I'm building a project to send messages to users. The client wants a way to schedule these messages to be sent out at a certain time, for example, he creates the message at 2am but wants it to be sent out at 10am without his intervention, where do I begin with this sort of thing? I'm using ASP.NET MVC3, any help is appreciated.
Update
Darin has suggested Quartz.net, I've finally gotten around to attempting to set it up. But I'm not really understanding how to implement it with my web app.
I'm assuming I should be able to make an httprequest from my service to an action on my webapp, triggered by quartz. But I'm not sure how to communicate between the webapp and this service, such as sending instructions to the quartz server.
So far, I've created a windows service, set up the installers, and added the Quartz.net server 2010 solution to my service project, am I on the right track?
Using a managed Windows Service with Quartz.NET or a console application which you would schedule with the Windows task scheduler seems like a good approaches to achieve that.
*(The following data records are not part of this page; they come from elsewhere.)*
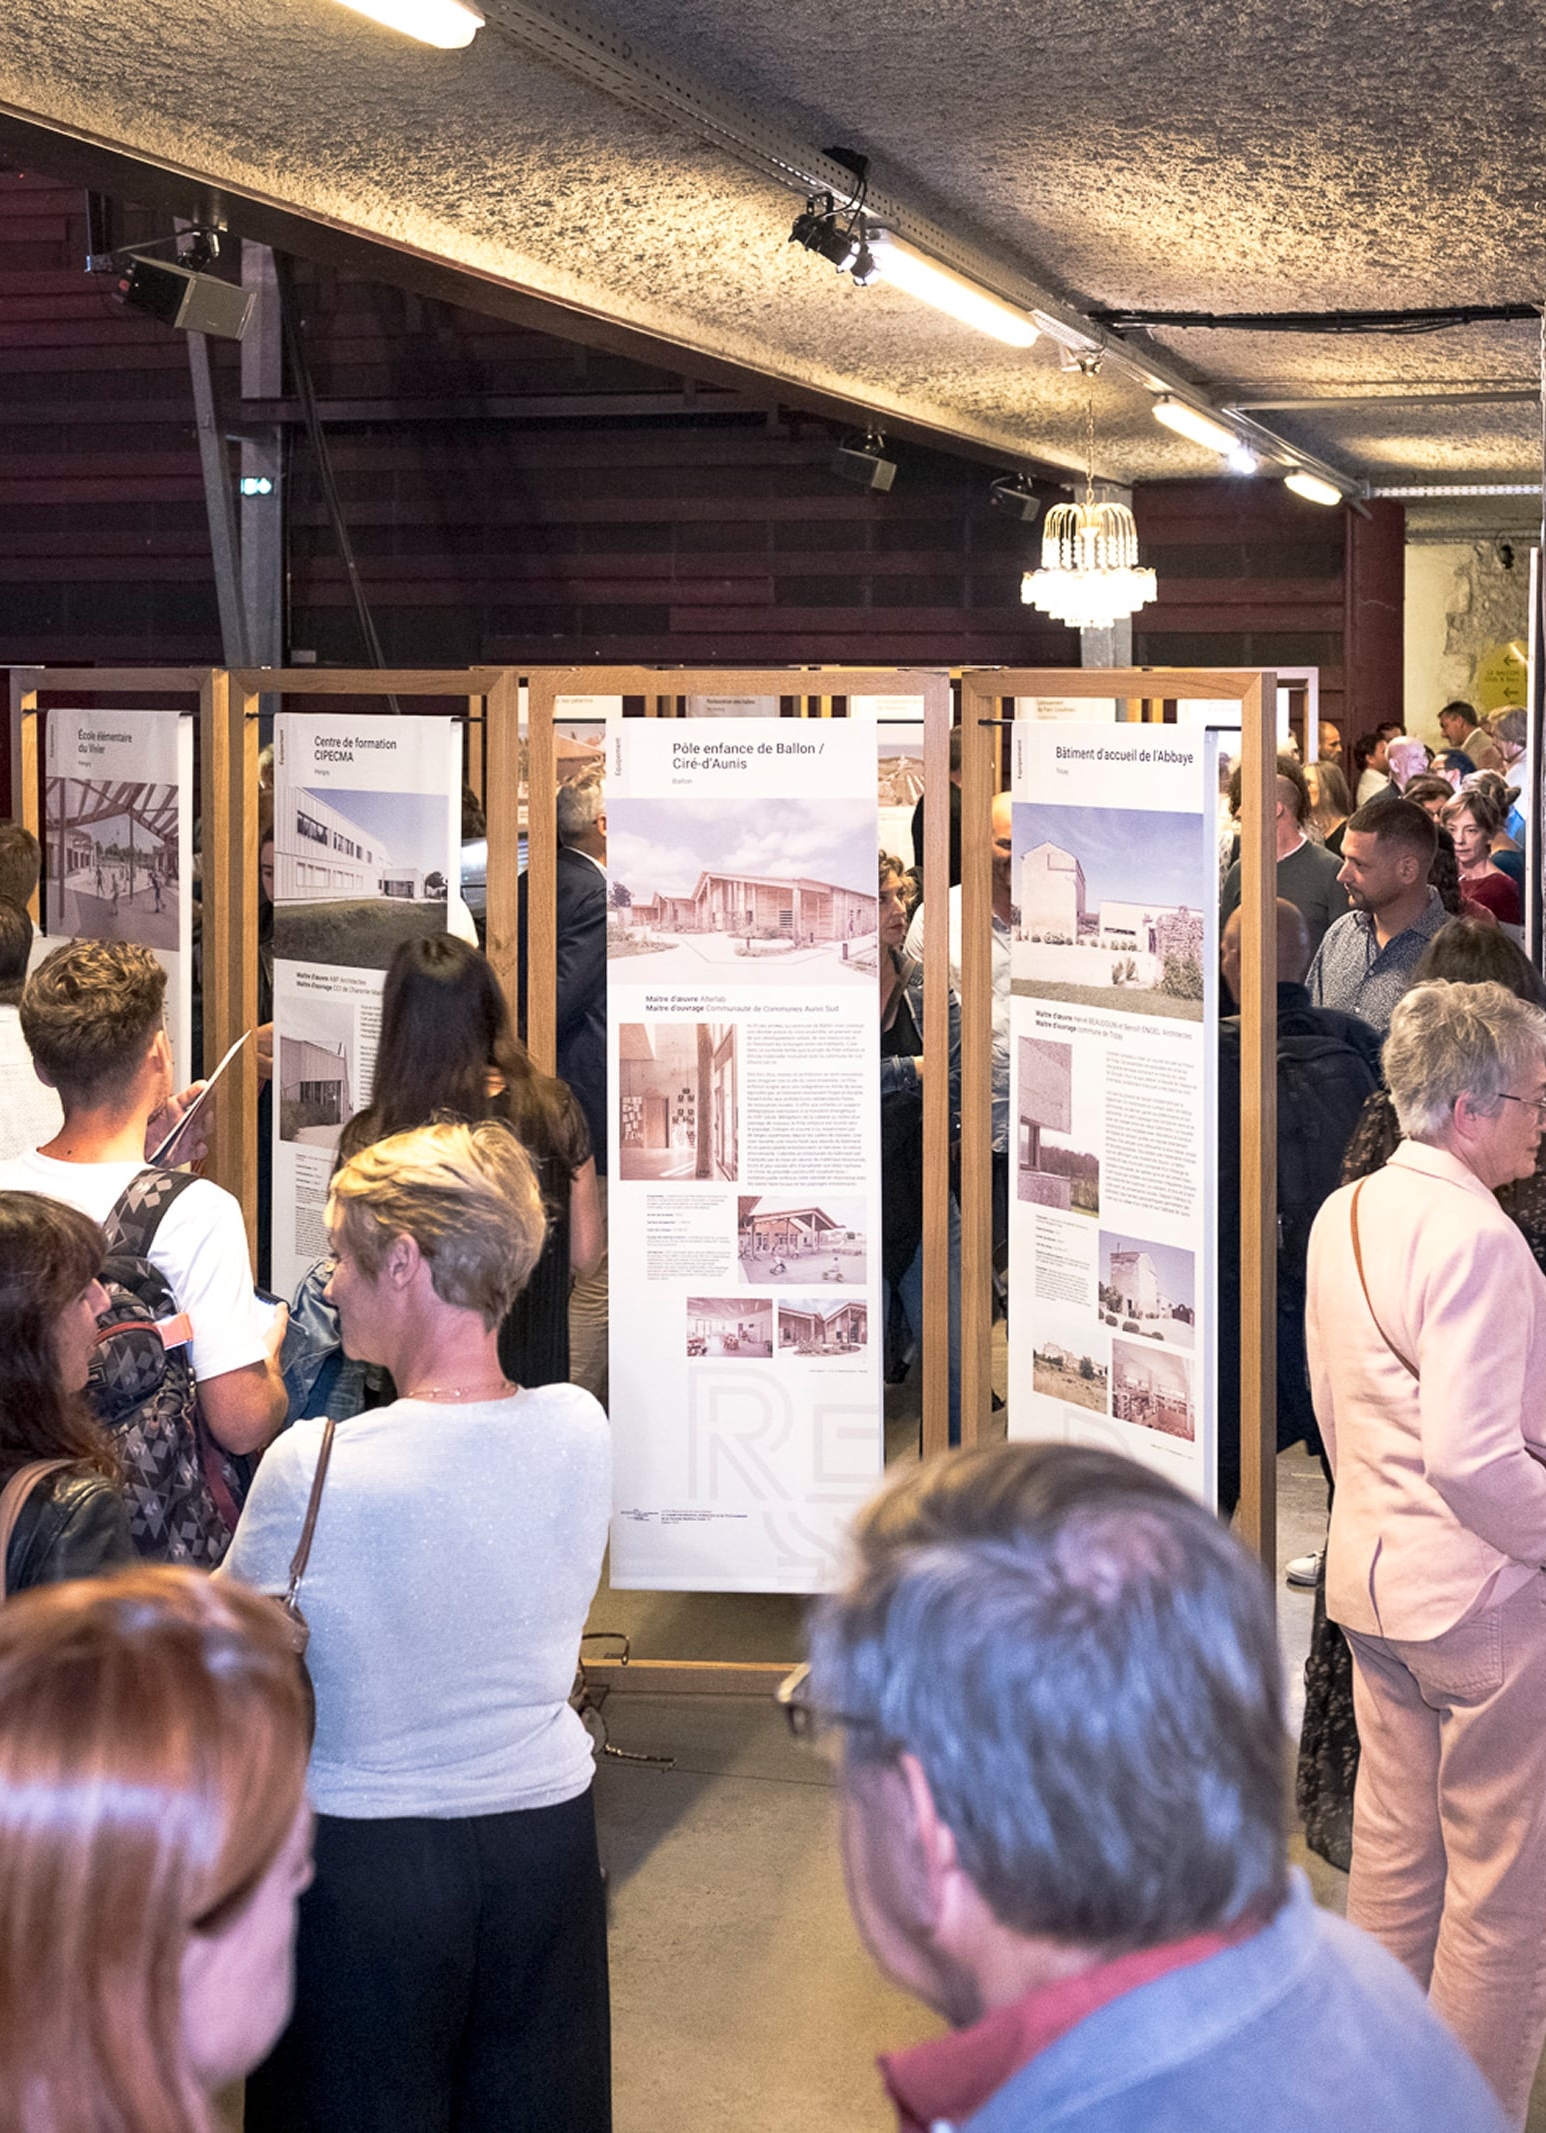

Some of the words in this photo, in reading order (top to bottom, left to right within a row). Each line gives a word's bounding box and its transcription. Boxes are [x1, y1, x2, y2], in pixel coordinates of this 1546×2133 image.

[78, 728, 96, 741] École
[78, 743, 88, 753] du
[314, 735, 341, 748] Centre
[343, 737, 354, 748] de
[355, 737, 397, 750] formation
[672, 742, 700, 755] Pôle
[703, 742, 753, 755] enfance
[757, 742, 772, 755] de
[776, 742, 815, 755] Ballon
[818, 742, 825, 756] /
[314, 750, 354, 762] CIPECMA
[1056, 745, 1095, 760] Bâtiment
[1097, 747, 1137, 762] d'accueil
[1139, 749, 1151, 762] de
[1152, 749, 1194, 767] l'Abbaye
[672, 757, 747, 770] Ciré-d'Aunis
[645, 995, 669, 1003] Maître
[645, 1004, 669, 1012] Maître
[670, 1004, 704, 1013] d'ouvrage
[753, 1005, 762, 1013] de
Welp, there are scheduled tasks... either make a localhost request at a specific time, or write an executable/service to be called.
A possible alternative if you can't use scheduled tasks (but may be dependent upon the website being available to the Internet) is to make a remote request-maker program or use a website monitoring service. Have either of those make a request to a particular page/querystring on your site periodically. Then, make the web application perform a particular task (send an email) whenever that resource is requested.
A few free monitoring services are limited to one request every hour or half-hour, or you can pay to have it checked more often. The resource's code could be made to record the message-sending event, (thus making them only get sent once, regardless of how often the request is made)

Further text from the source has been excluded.